I dragged my eyes from the yowling baby leopard trying to figure out how to get down from the limb of a ‘tree’ made of telephone poles, tilted my head farther up and wrinkled my brow at my son. “What?”
He continued to stare at a group of khaki clad zoo employees, most of them male, surrounding a young woman wielding a power tool in a planting bed. The whir of the engine strained at whatever she was trying to cut behind the tall stand of lantana. The brown husk of a dead banana tree toppled to the ground. The girl’s satisfied smile glowed as she wiped her face on the back of her gloved hand. She hoisted the tool to her shoulder. It turned out to be a chainsaw on an extension pole.
“I was wrong,” my eighteen-year-old son sighed. “The only thing hotter than a chick with a weedeater is a chick with a chainsaw.”

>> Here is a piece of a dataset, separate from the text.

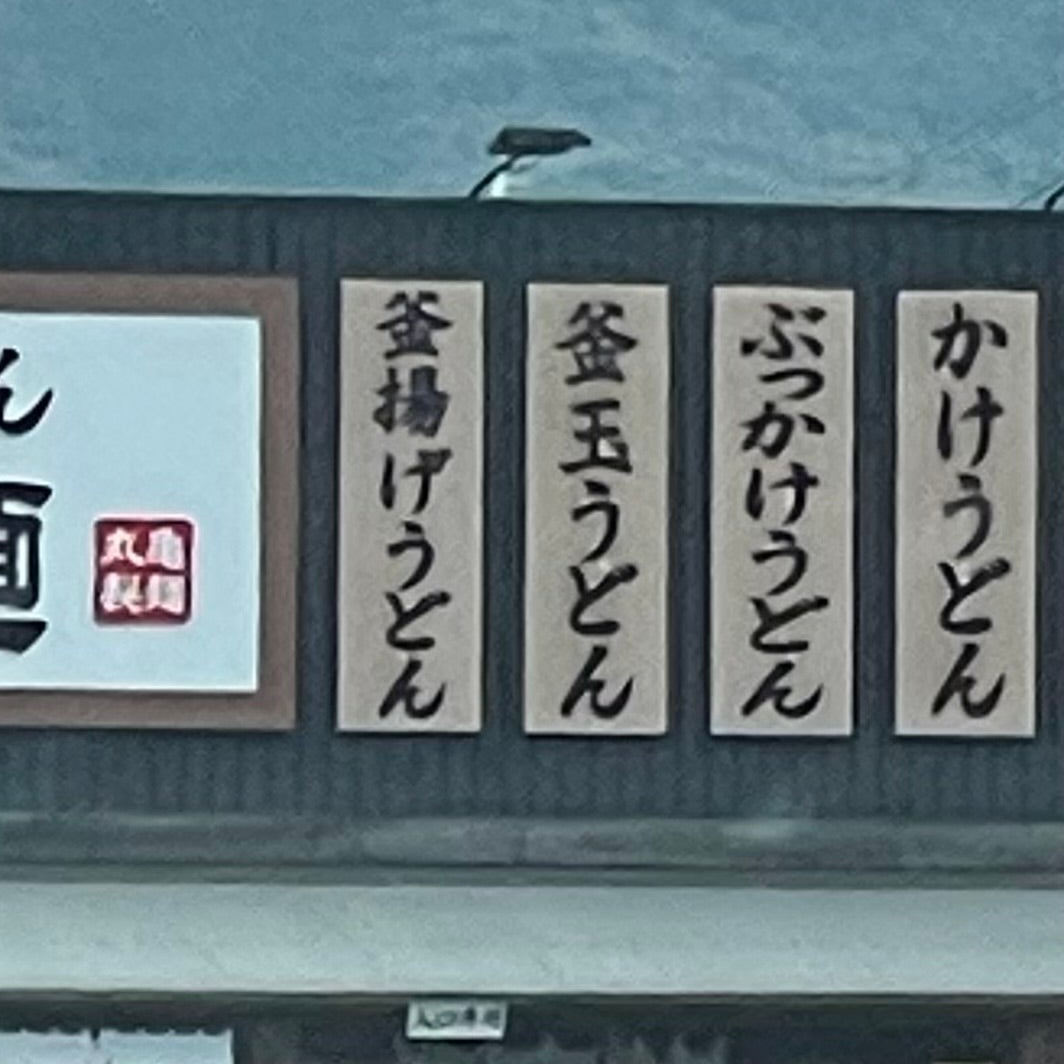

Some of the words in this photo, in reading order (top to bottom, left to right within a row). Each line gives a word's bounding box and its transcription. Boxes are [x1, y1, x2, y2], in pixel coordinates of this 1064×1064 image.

[373, 290, 454, 720] 釜揚げうどん
[554, 302, 639, 720] 釜玉うどん
[739, 303, 830, 720] ぶっかけうどん
[931, 302, 1013, 720] かけうどん

“Really?” I asked, taking a minute to size-up my six-foot-four, size fourteen shoe, little boy. The one with a healthy growth of black whiskers proudly decorating his chin. The same one who used to solemnly announce “I cried for you,” each and every time I picked him up from mother’s day out, his huge brown eyes like a lost fawn.
“Yeah,” he said, watching the girl load the dry fronds on a little trailer attached to a utility vehicle blazoned with the Audubon Zoo logo.
“Hmph,” I said, glancing at his older sister who shrugged and rolled her eyes.
The sexiest girl in New Orleans drove off, desiccated banana leaves rattling behind her. We strolled on, marveling at the salmon-hued flamingos, acrobatic river otters and lurking alligators, but behind all the sights, I was thinking of the father of my children, who’d declared many a time that there was nothing hotter than a girl driving a tractor.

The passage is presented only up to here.